We can classify different computer knowledge representation methods in the following categories:
* **Network representations** are based on the fact that we have a network of interrelated concepts inside our head. We can try to reproduce the same networks as a graph inside a computer - so-called **semantic network**.
- Semantic Networks
- Conceptual Graphs
- Object-Attribute-Value triplets or attribute-value pairs. Since a graph can be represented inside a computer as a list of nodes and edges, we can represent a semantic network by a list of triplets, containing object - attribute - values. For example, we can have the following triplets about programming languages:
Object | Attribute | Value
-------|-----------|------
Python | is | Untyped-Language
Python | invented-by | Guido van Rossum
Python | block-syntax | indentation
Untyped-Language | doesn't have | type definitions
* **Hierarchical representations** emphasize the fact that we have a hierarchy of objects inside our head. For example, we know that canary is a bird, and all birds have wings. We also have some idea about what colour canary usually is, and what is the speed of flight.
- Frame representation is based on representing each object or class of objects as a **frame**, which contains **slots** that have possible default values, value restrictions, or stored procedures that can be called to obtain the value of a slot. All frames form a hierarchy, pretty much like an object hierarchy in object-oriented programming languages.
- Scenarios are special kind of frames that represent complex situations that can unfold in time.
**Python**
Slot | Value | Default value | Interval |
-----|-------|---------------|----------|
Name | Python | | |
Is-A | Untyped-Language | | |
Variable Case | | CamelCase | |
Program Length | | | 5-5000 lines |
Block Syntax | Indent | | |
* **Procedural representations** are based on representing knowledge by a list of actions that can be executed when certain condition occurs.

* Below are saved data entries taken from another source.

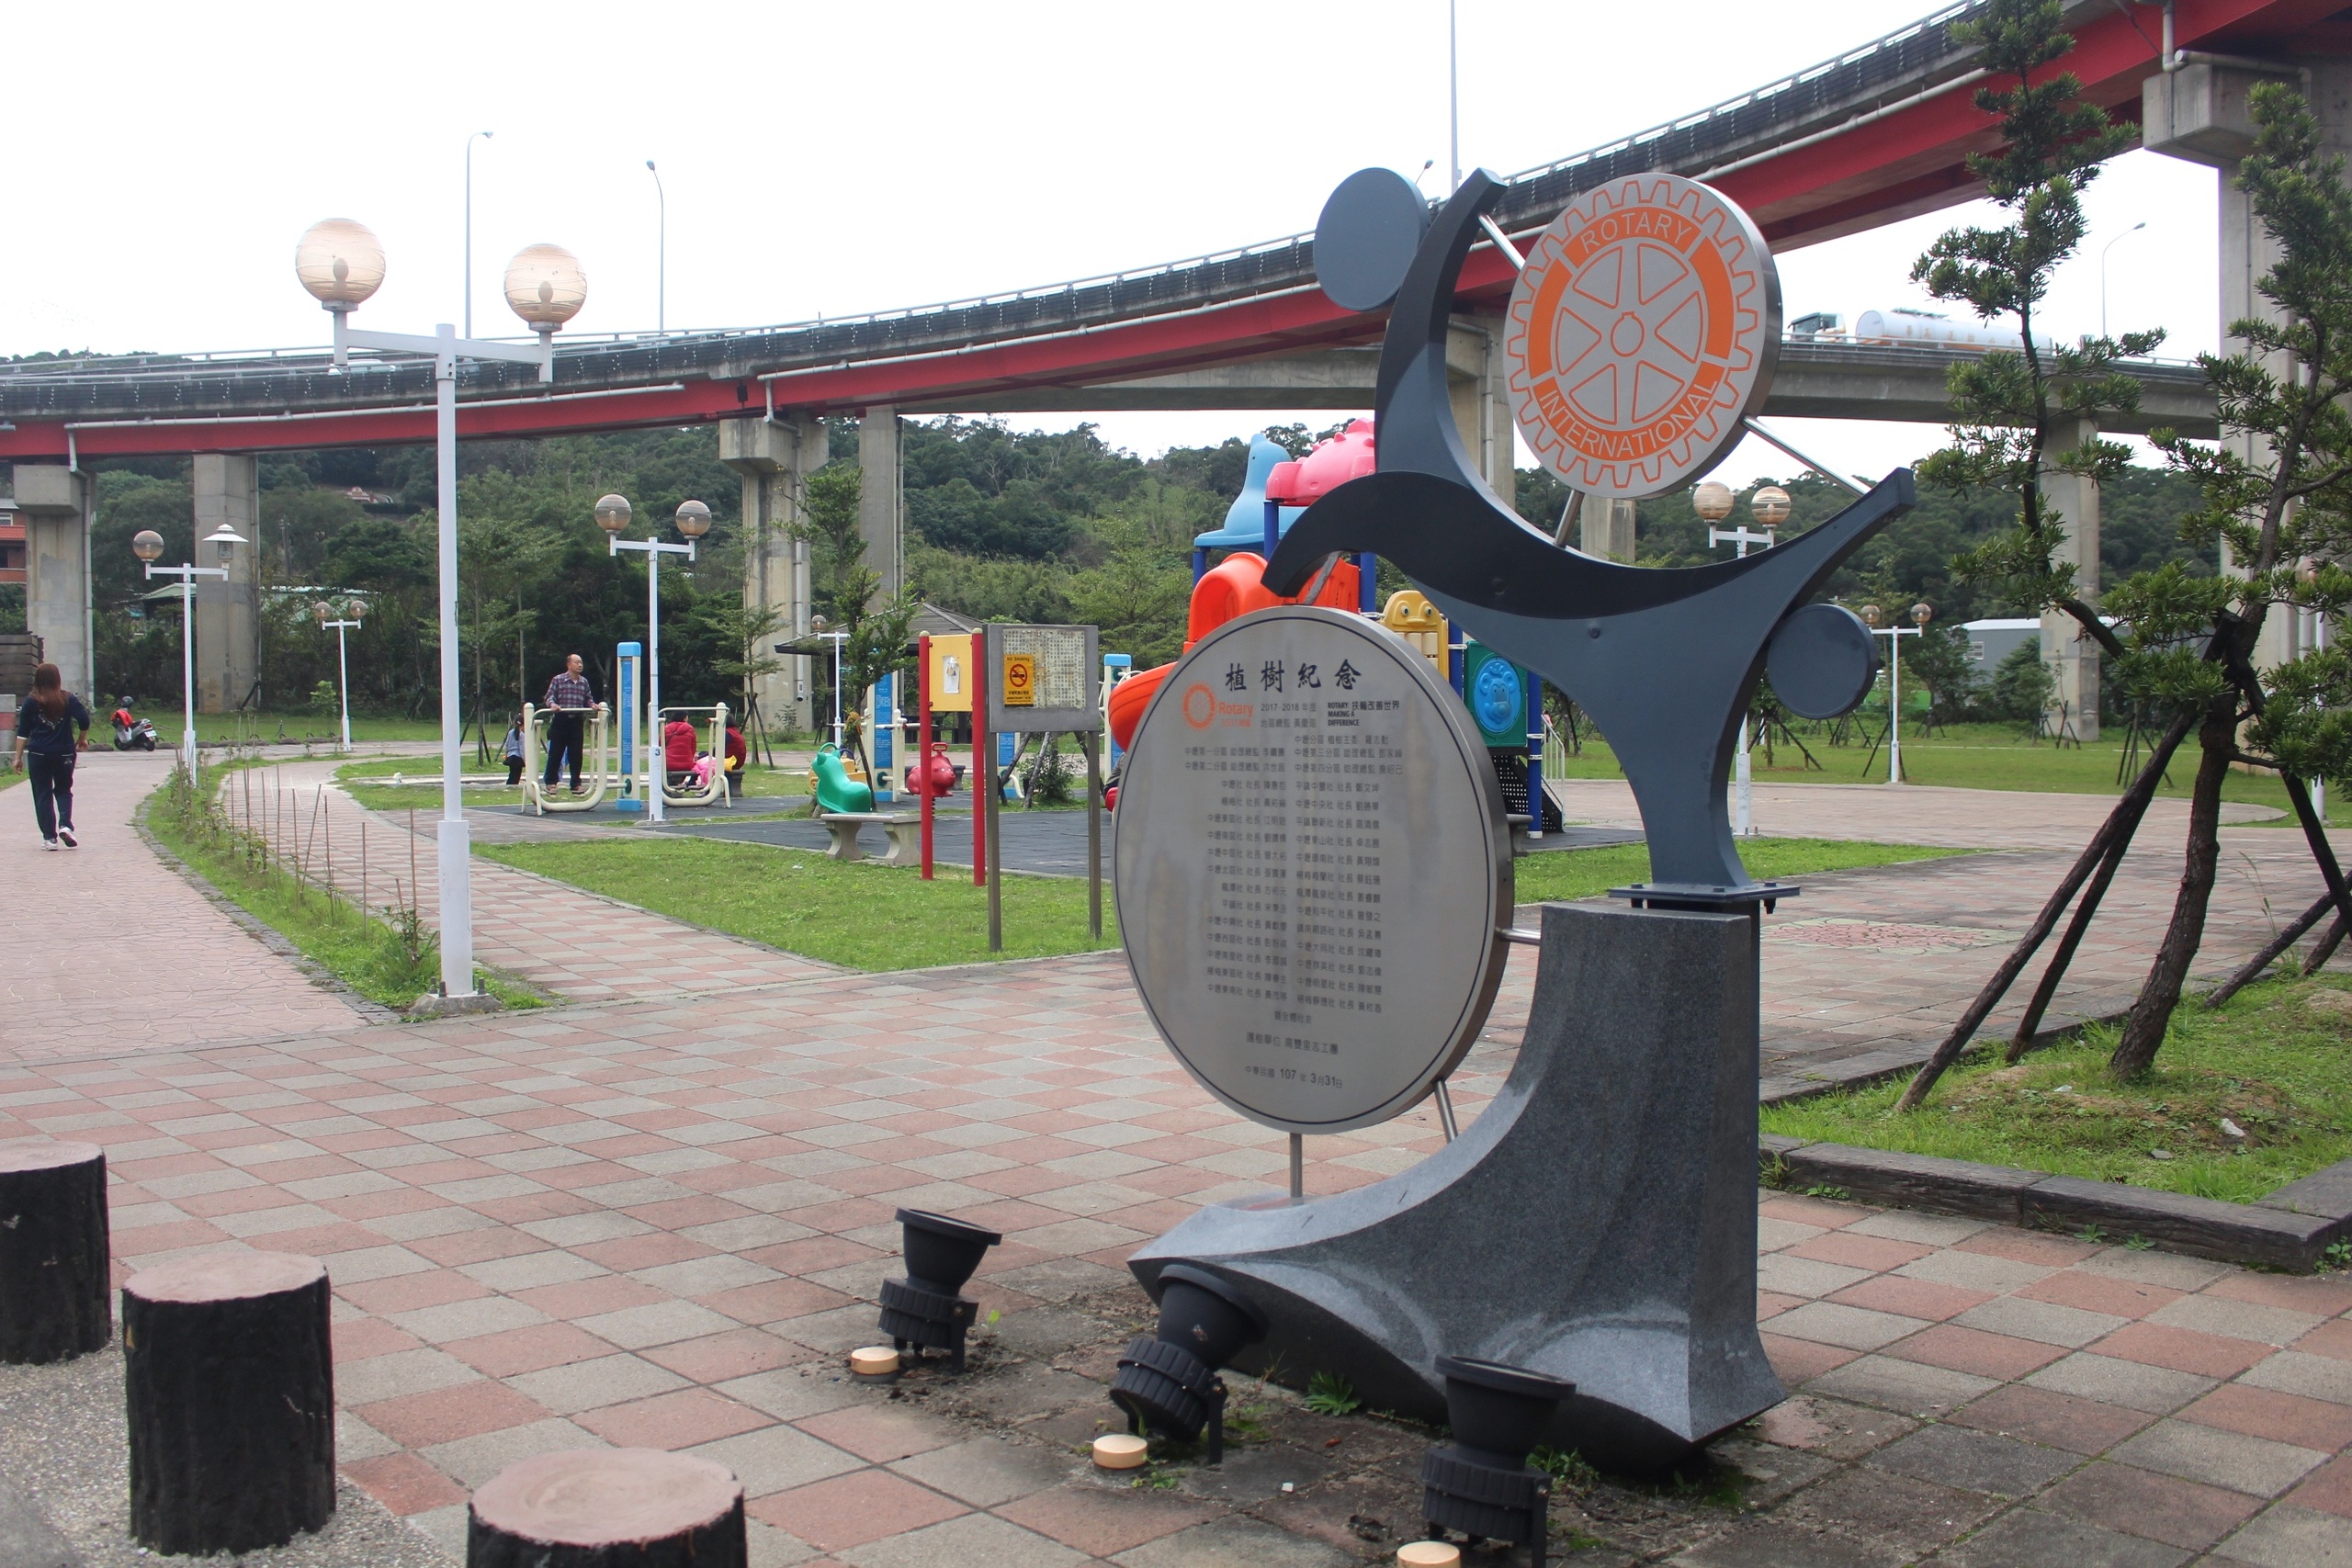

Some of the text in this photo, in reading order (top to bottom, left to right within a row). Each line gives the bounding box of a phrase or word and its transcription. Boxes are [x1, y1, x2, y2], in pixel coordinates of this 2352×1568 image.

[1579, 212, 1692, 254] ROTARY
[1538, 379, 1720, 458] INTERNATIONAL
[1225, 659, 1361, 693] 植樹紀念
[1218, 701, 1253, 718] Rotary
[1351, 700, 1399, 711] 扶輪改善世界
[1328, 719, 1359, 728] DIFFERENCE
[655, 749, 661, 757] 3
[1280, 1068, 1296, 1079] 107

- Production rules are if-then statements that allow us to draw conclusions. For example, we can have a rule saying **IF** a patient has high fever **OR** high level of C-reactive protein in blood test **THEN** he has an inflammation going on. Once we encounter one of the conditions, we can make a conclusion about inflammation, and then use it in further reasoning.

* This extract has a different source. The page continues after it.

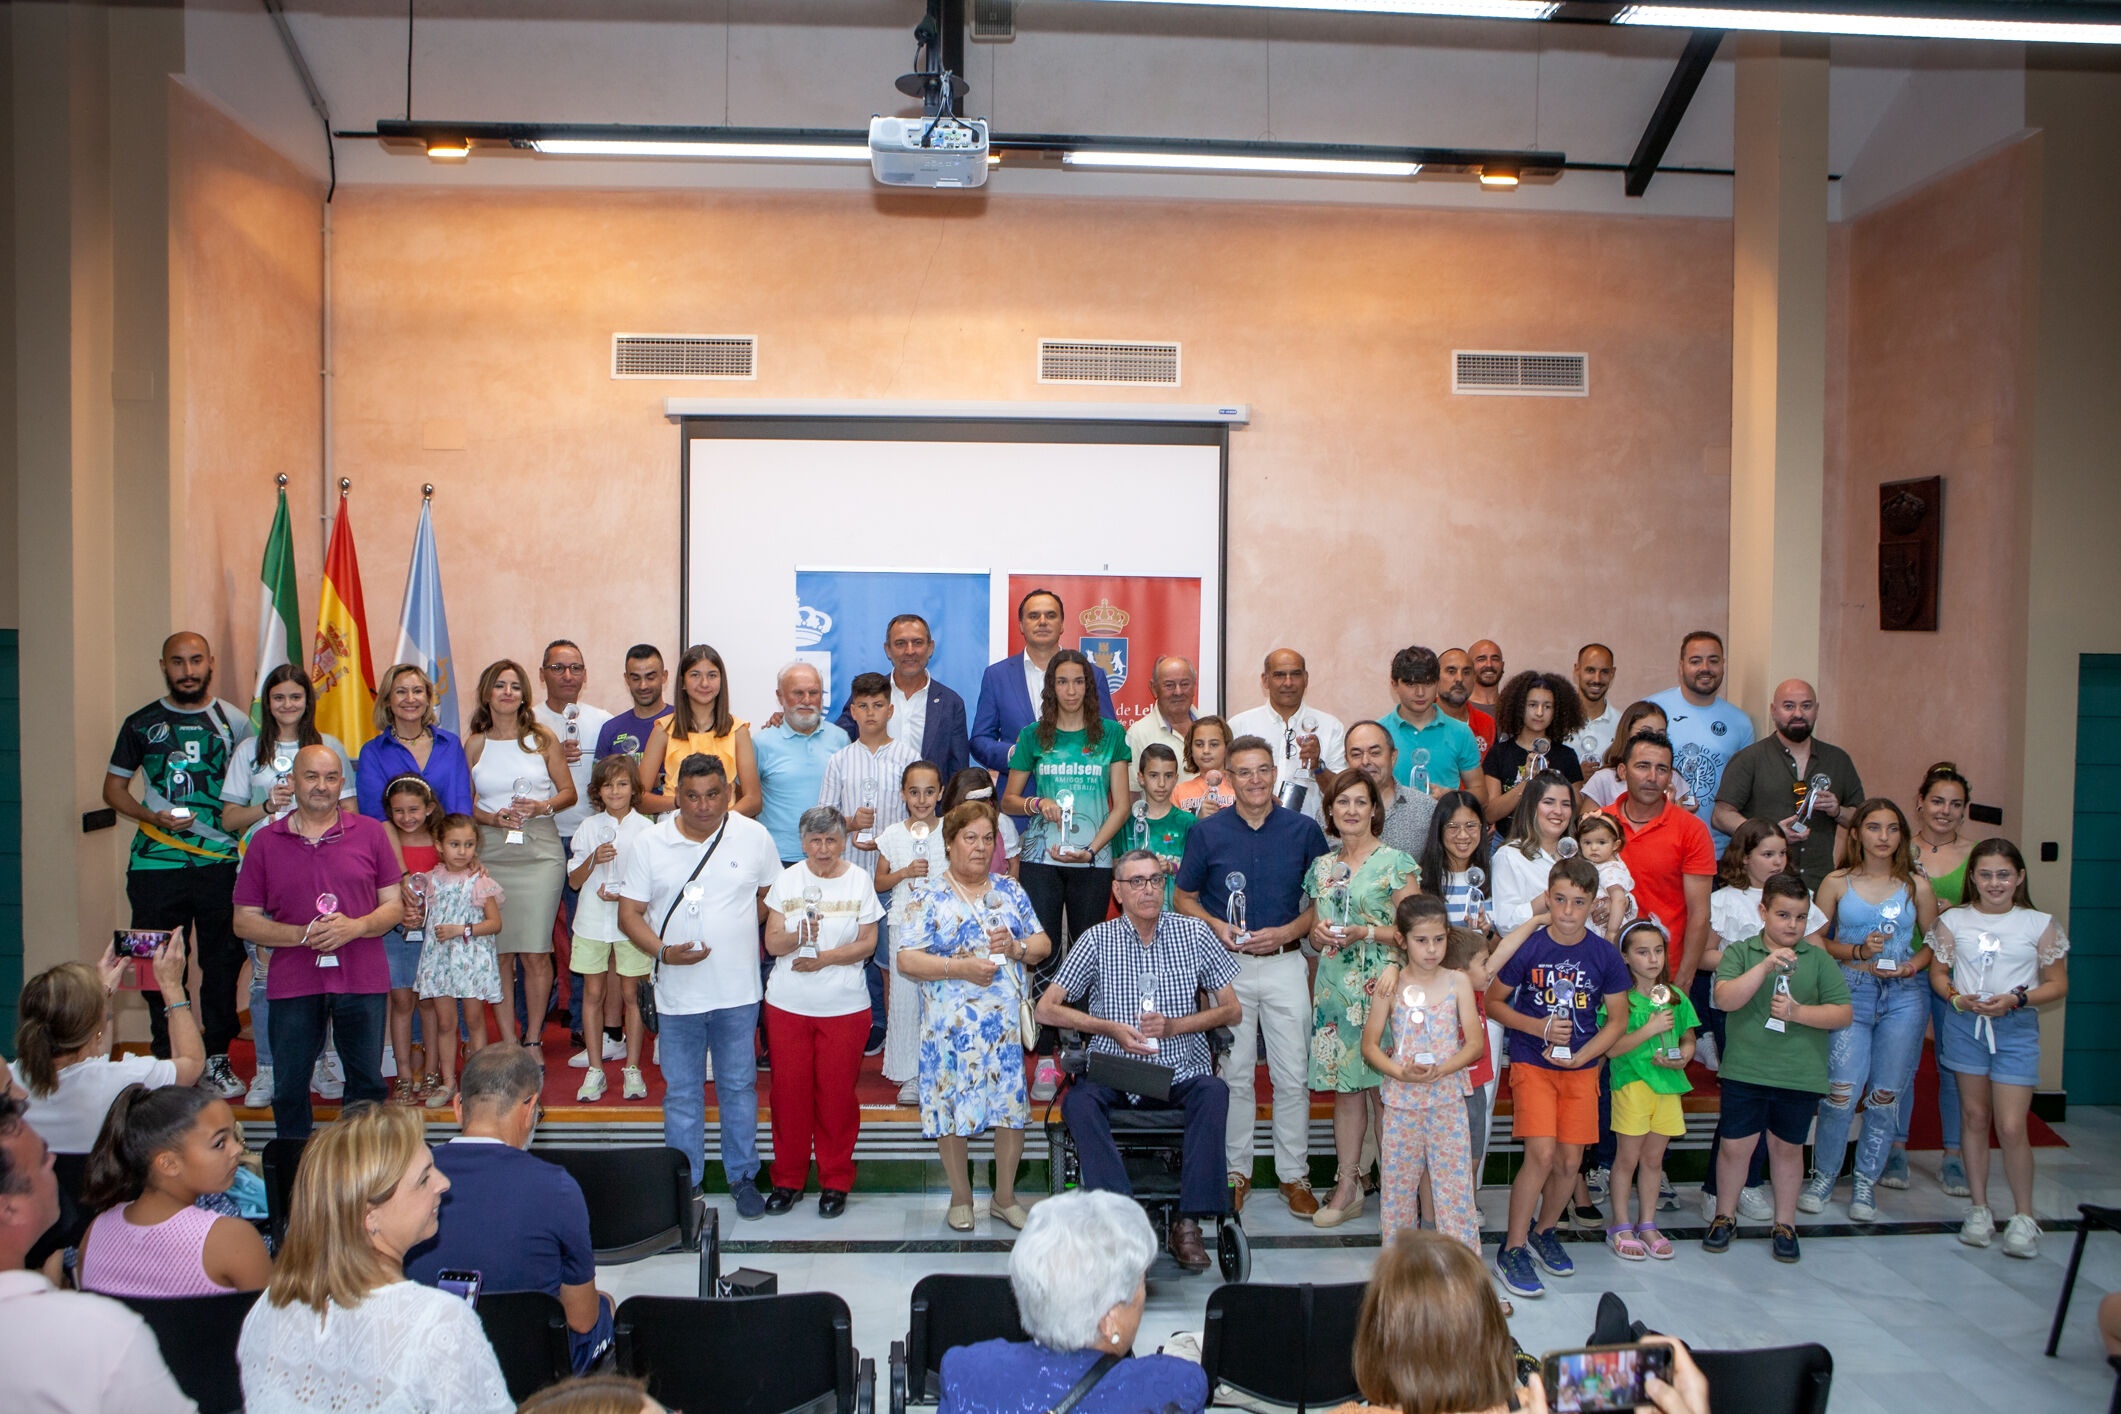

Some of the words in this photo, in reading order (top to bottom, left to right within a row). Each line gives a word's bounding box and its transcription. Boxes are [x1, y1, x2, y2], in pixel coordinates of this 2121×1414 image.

- Algorithms can be considered another form of procedural representation, although they are almost never used directly in knowledge-based systems.
* **Logic** has been originally proposed by Aristotle to represent universal human knowledge
- Predicate Logic as a mathematical theory is too rich to be computable, therefore some subset of it is normally used, such as Horn clauses used in Prolog.

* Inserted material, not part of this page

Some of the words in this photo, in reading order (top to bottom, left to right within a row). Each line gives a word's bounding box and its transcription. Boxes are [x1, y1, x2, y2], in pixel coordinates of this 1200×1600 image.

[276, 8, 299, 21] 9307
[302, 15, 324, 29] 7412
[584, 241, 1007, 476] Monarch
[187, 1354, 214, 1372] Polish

- Descriptive Logics is a family of logical systems used to represent and reason about hierarchies of objects distributed knowledge representations such as *semantic web*.
## Expert Systems
One of the early successes of symbolic AI were so-called **expert systems** - computer systems that were designed to act as an expert is some limited problem domain. There were based on a **knowledgebase** extracted from one or more human experts, and they contained **inference engine** that performed some reasoning on top of it.
 | 
---------------------------------------------|------------------------------------------------
Simplified structure of a human neural system | Architecture of a knowledge-based system
Expert systems are built similarly to a human being reasoning system, which contains **short-term memory** and **long-term memory**. Similarly, in knowledge-based systems we distinguish the following components:
* **Problem memory** contains the knowledge about the problem being currently solved, i.e. a temperature/pressure of a patient, whether he has inflammation or not, etc. This knowledge is also called **static knowledge**, because it contains a snapshot of what we currently know about the problem - so-called *problem state*.
* **Knowledgebase**, which represents long-term knowledge about problem domain. It is extracted manually from human experts, and does not change from consulation to consultation. Because it allows us to navigate from one problem state to another, it is also called **dynamic knowledge**.
* **Inference engine** orchestrates the whole process of searching in the problem state space, it asks questions to the user when necessary. It is also responsible for finding the right rules to be applied at each state.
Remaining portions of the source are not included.